Material for the task:
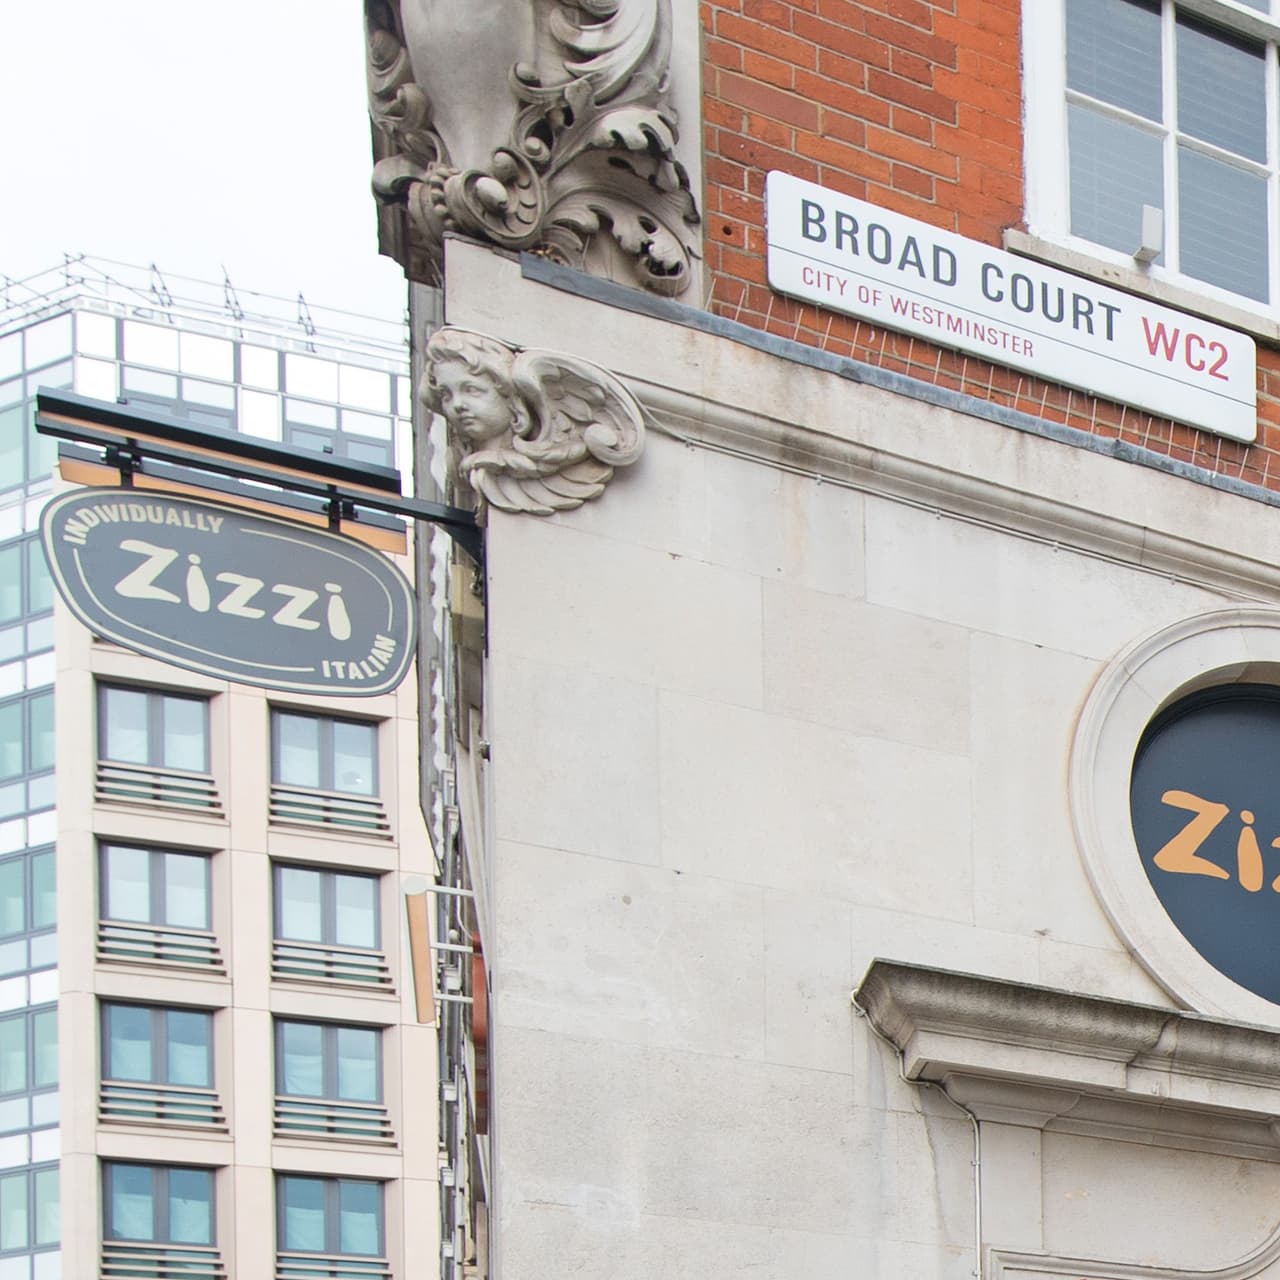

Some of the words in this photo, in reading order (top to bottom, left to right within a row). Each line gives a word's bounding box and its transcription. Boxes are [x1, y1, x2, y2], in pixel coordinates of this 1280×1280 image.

[800, 198, 957, 287] BROAD
[981, 262, 1121, 341] COURT
[1142, 316, 1230, 381] WC2
[802, 265, 848, 296] CITY
[857, 285, 882, 307] OF
[889, 294, 1034, 358] WESTMINSTER
[63, 502, 225, 546] INDIVIDUALLY
[115, 538, 352, 641] Zizzi
[321, 633, 397, 680] ITALIAN
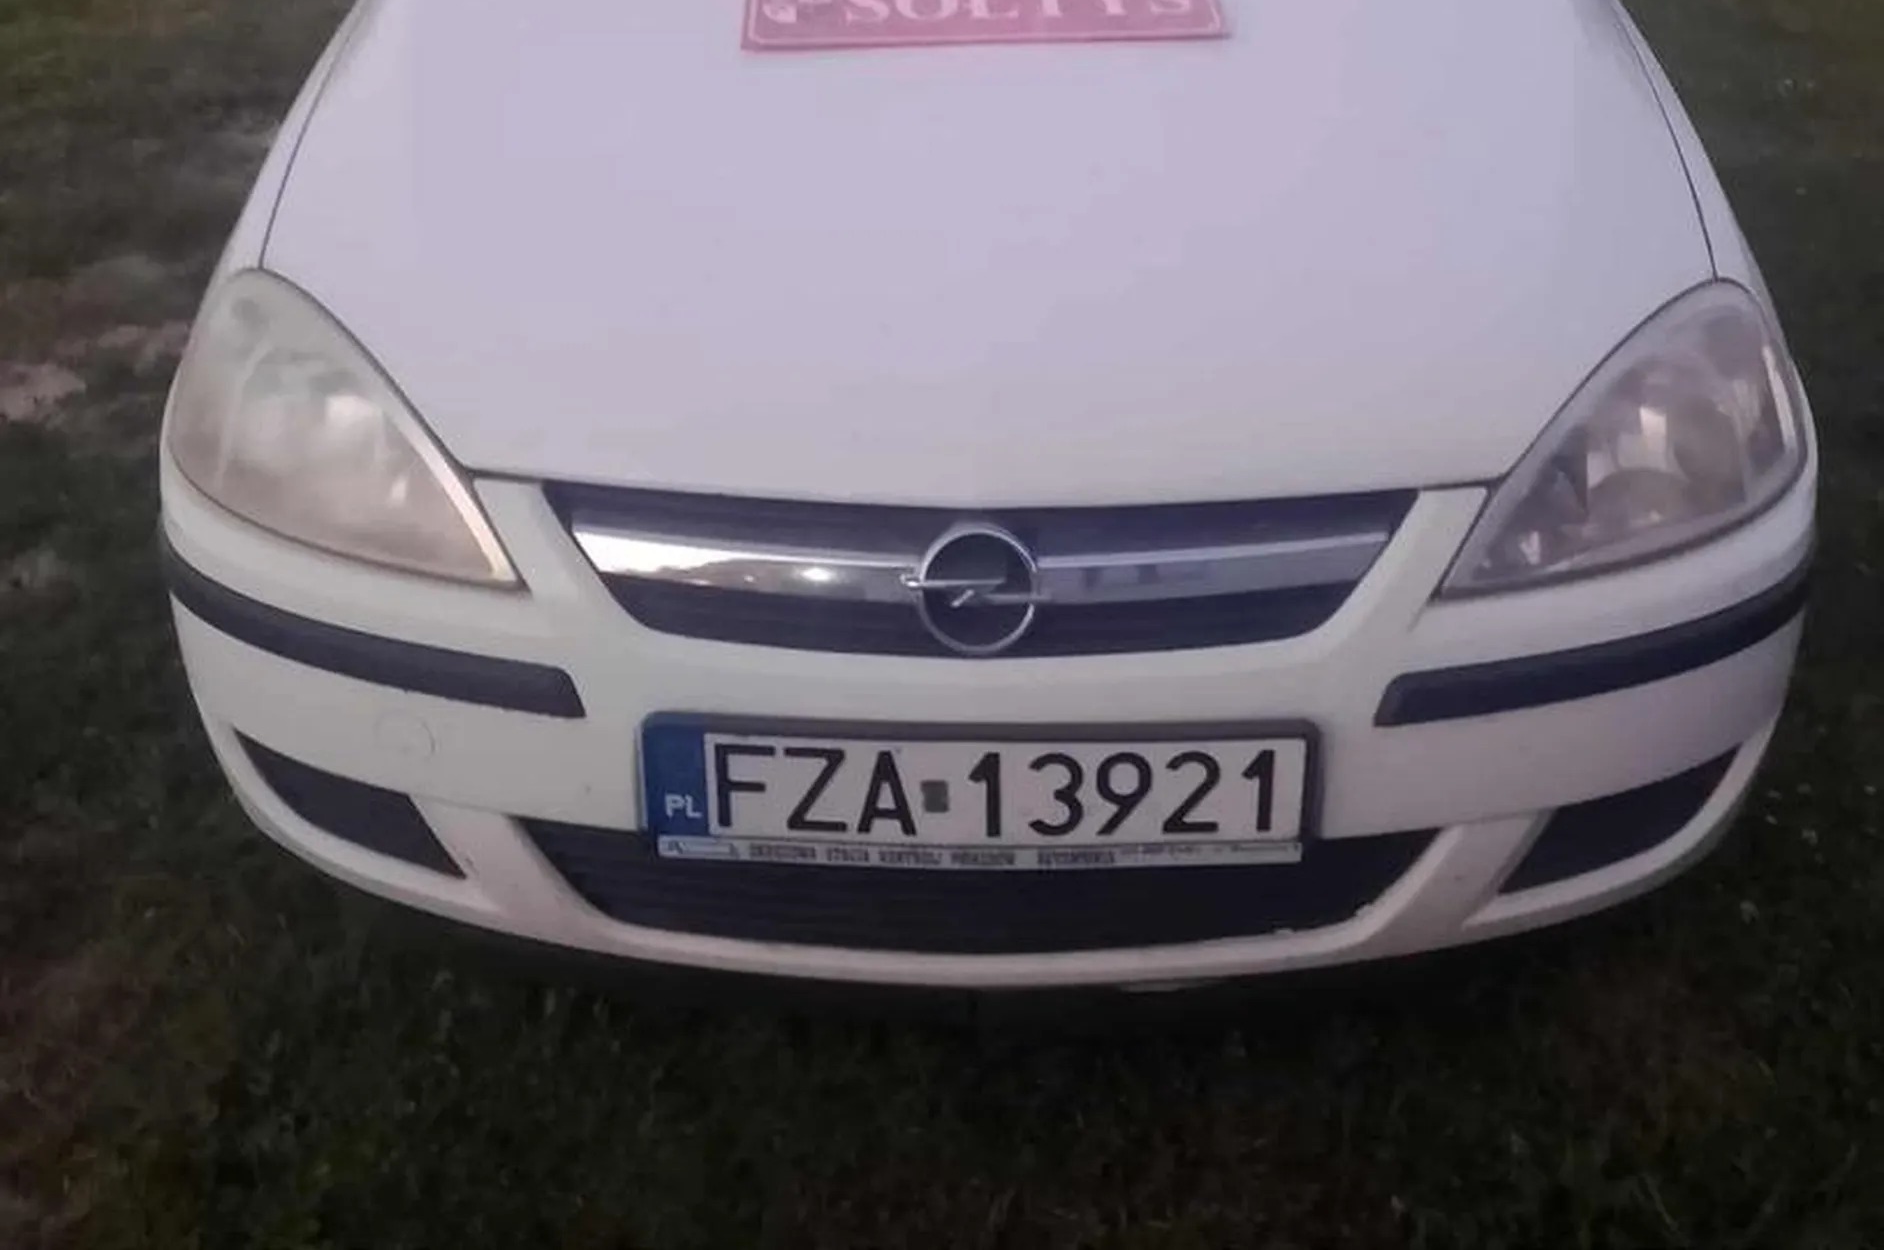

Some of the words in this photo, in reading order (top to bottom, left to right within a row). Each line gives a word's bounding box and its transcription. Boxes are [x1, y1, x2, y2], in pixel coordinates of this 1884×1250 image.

[664, 794, 702, 819] PL
[713, 743, 917, 837] FZA
[967, 749, 1276, 838] 13921
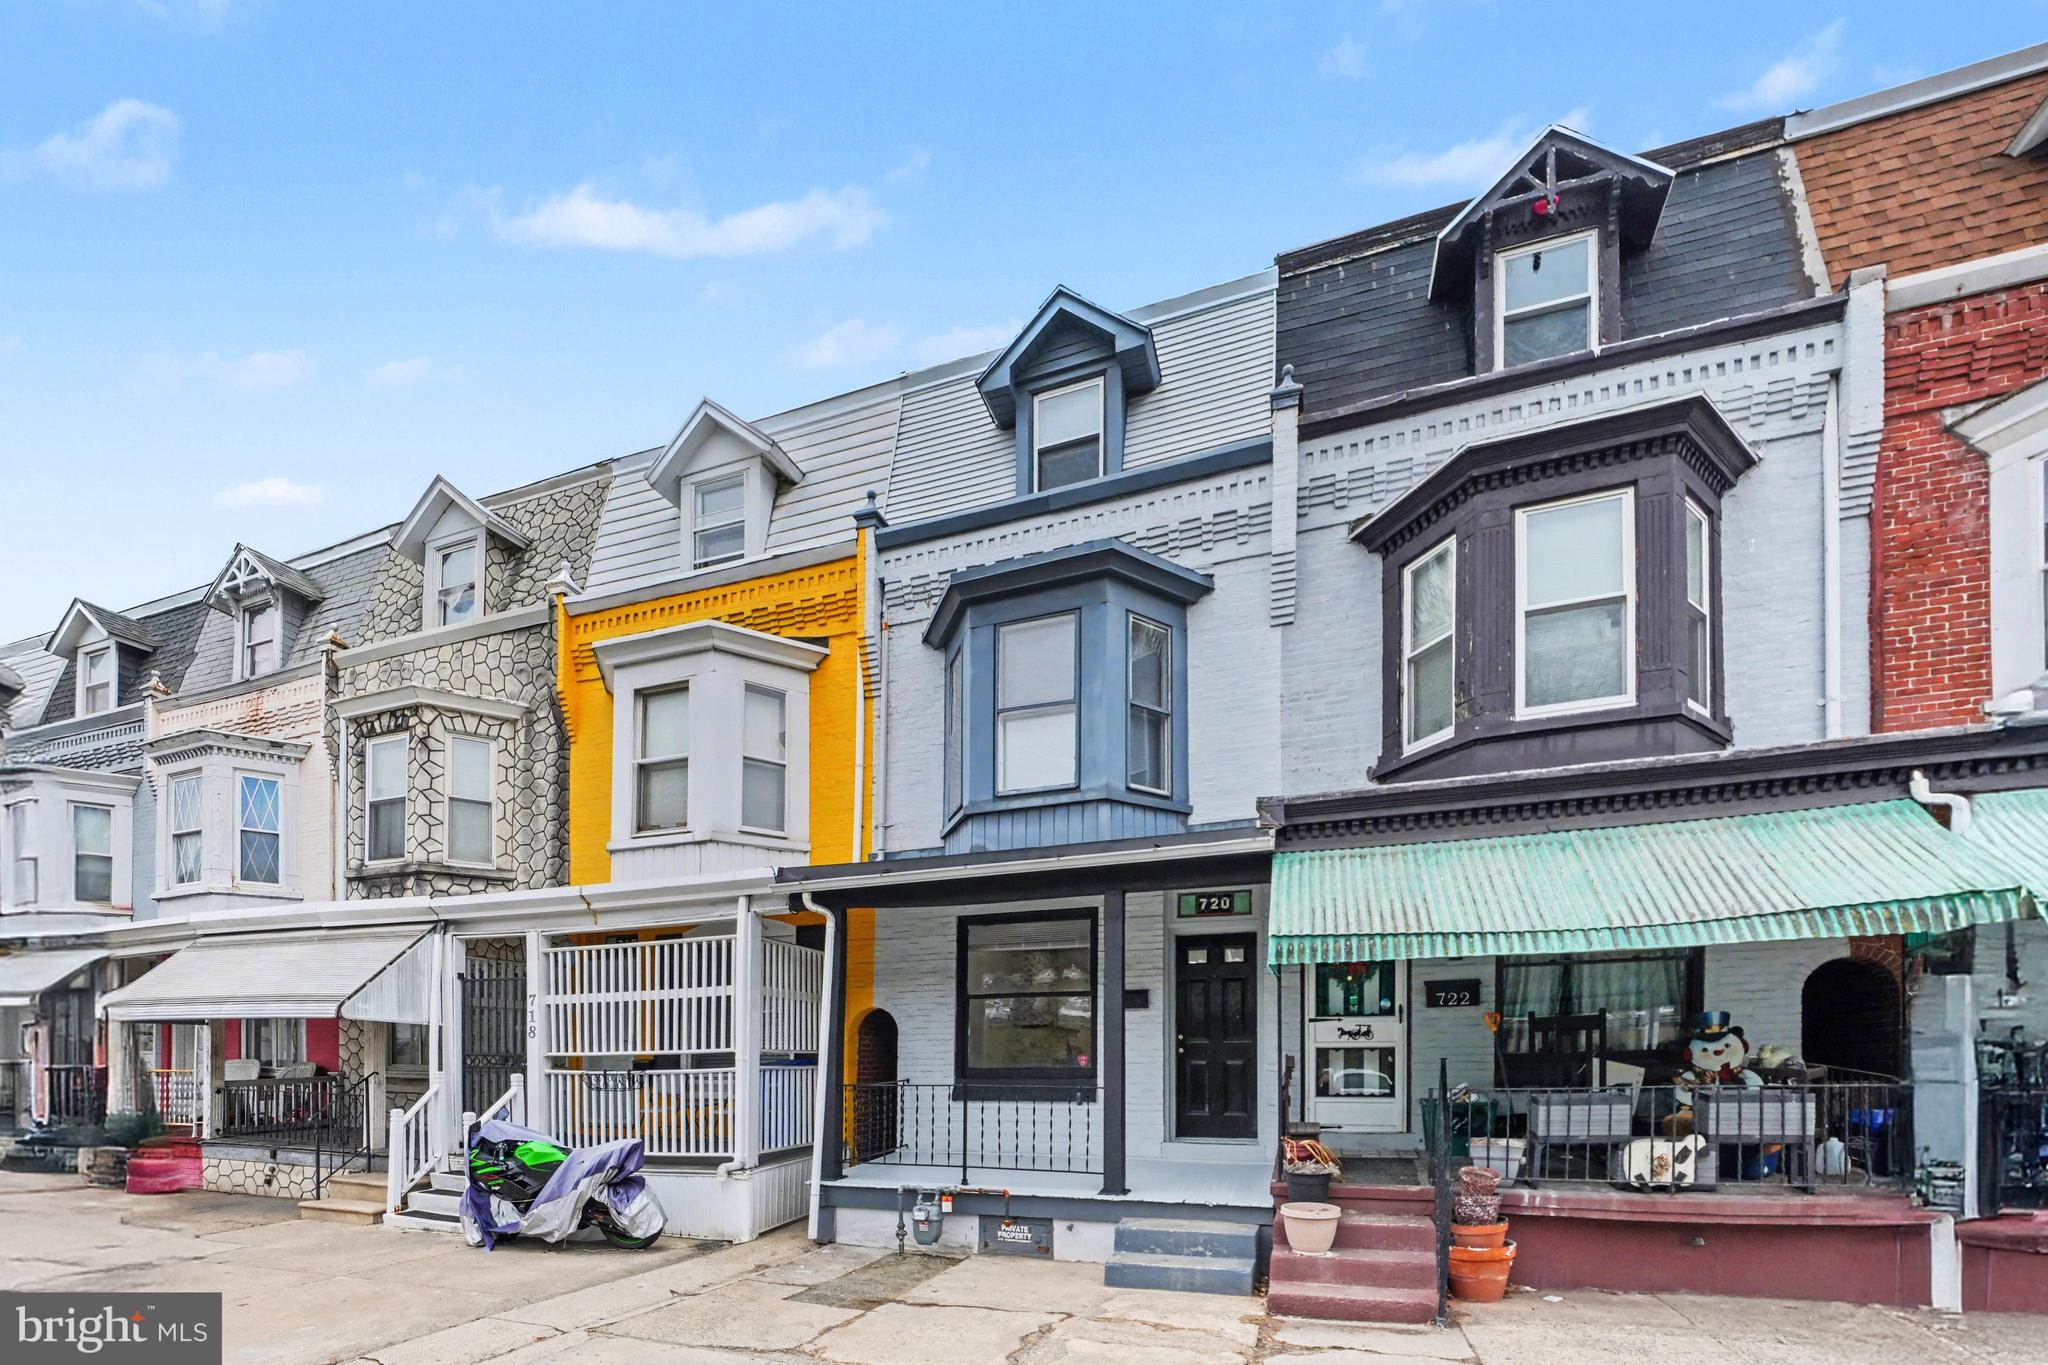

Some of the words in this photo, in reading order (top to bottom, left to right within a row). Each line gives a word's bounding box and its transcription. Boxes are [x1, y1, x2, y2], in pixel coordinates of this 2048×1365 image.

[1199, 897, 1230, 911] 720
[1435, 991, 1470, 1006] 722
[528, 993, 537, 1039] 718
[997, 1230, 1032, 1240] PROPERTY
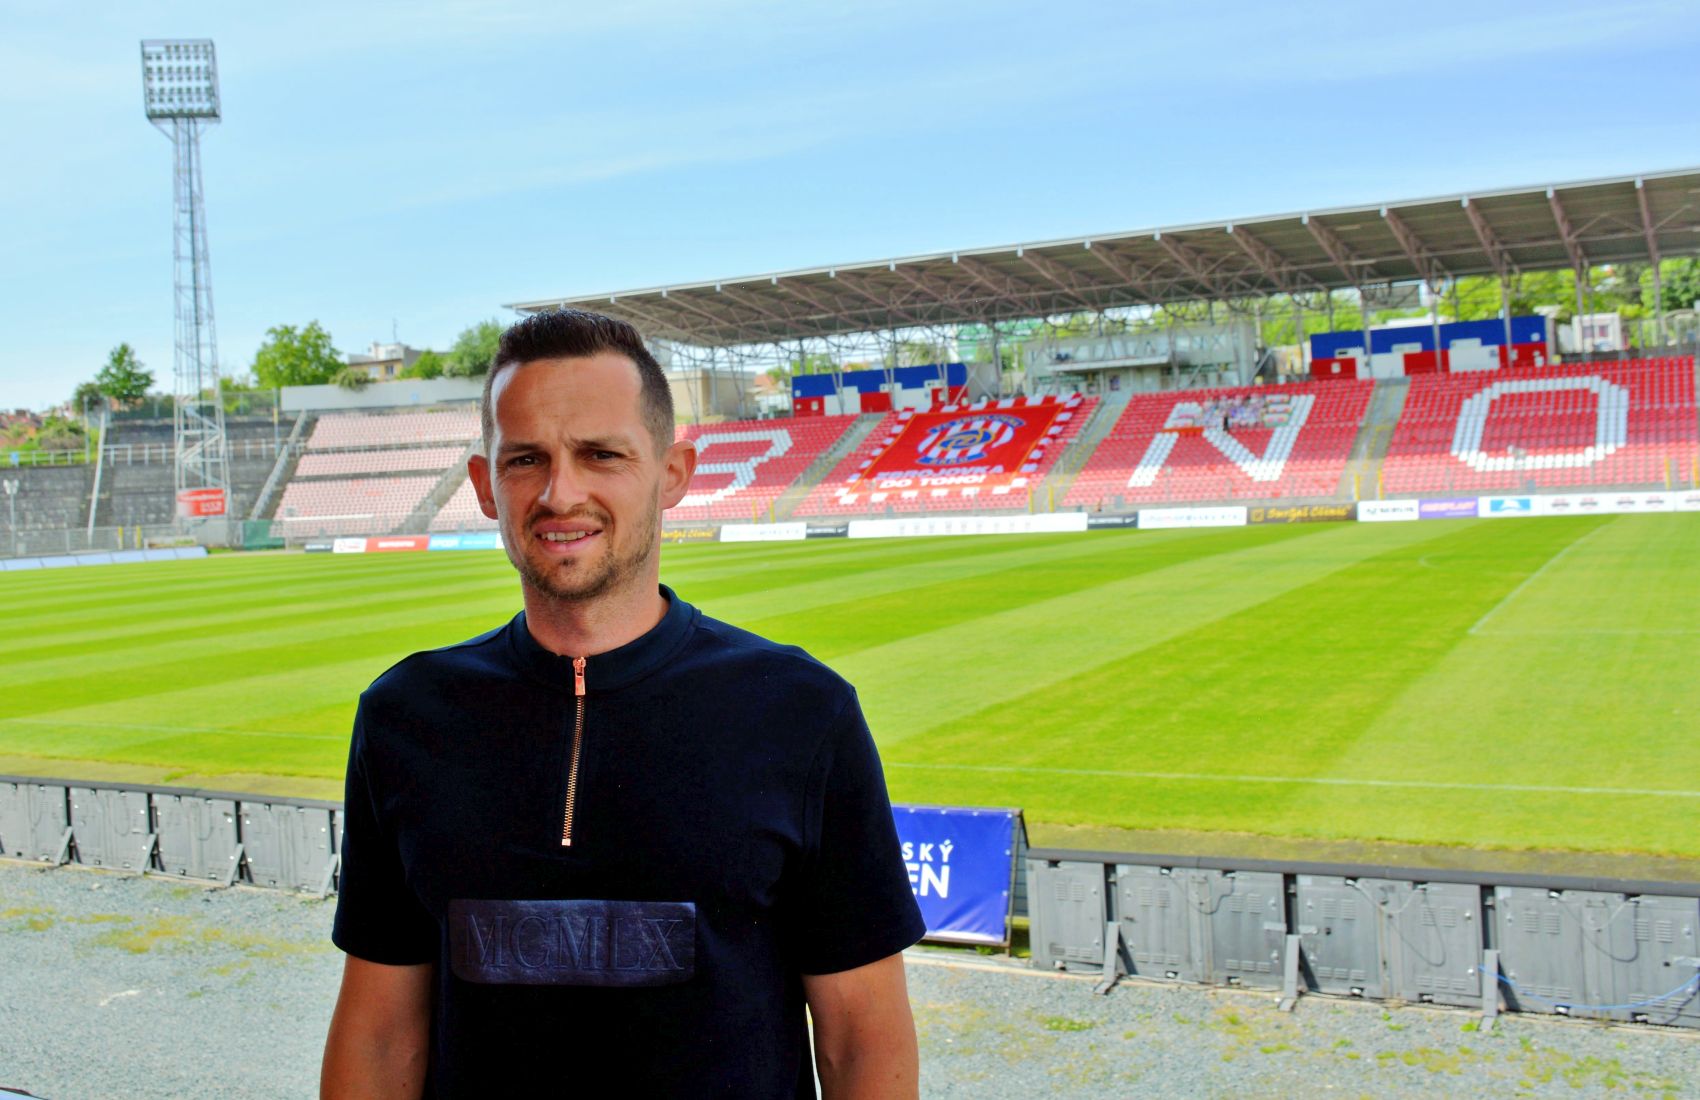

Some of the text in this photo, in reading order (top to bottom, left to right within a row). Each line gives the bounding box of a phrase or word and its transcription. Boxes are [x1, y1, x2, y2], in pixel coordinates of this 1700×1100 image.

What you have to do: Reproduce exactly, without any picture, the lines from the one bearing "this 2048×1365 image." to the last line of the records above.

Answer for the task:
Some of the words in this photo, in reading order (top to bottom, left to right within a row). Each line gives a word's bounding box and its transcription. Boxes are [x1, y1, x2, y2], in pixel coordinates of this 2048×1365 image.

[1199, 897, 1230, 911] 720
[1435, 991, 1470, 1006] 722
[528, 993, 537, 1039] 718
[997, 1230, 1032, 1240] PROPERTY

Some of the text in this photo, in reading order (top to bottom, left to right within a row). Each line gives the bounding box of a phrase or word and its transcription. Boxes are [x1, y1, x2, y2], in pixel coordinates of this 1700×1100 image.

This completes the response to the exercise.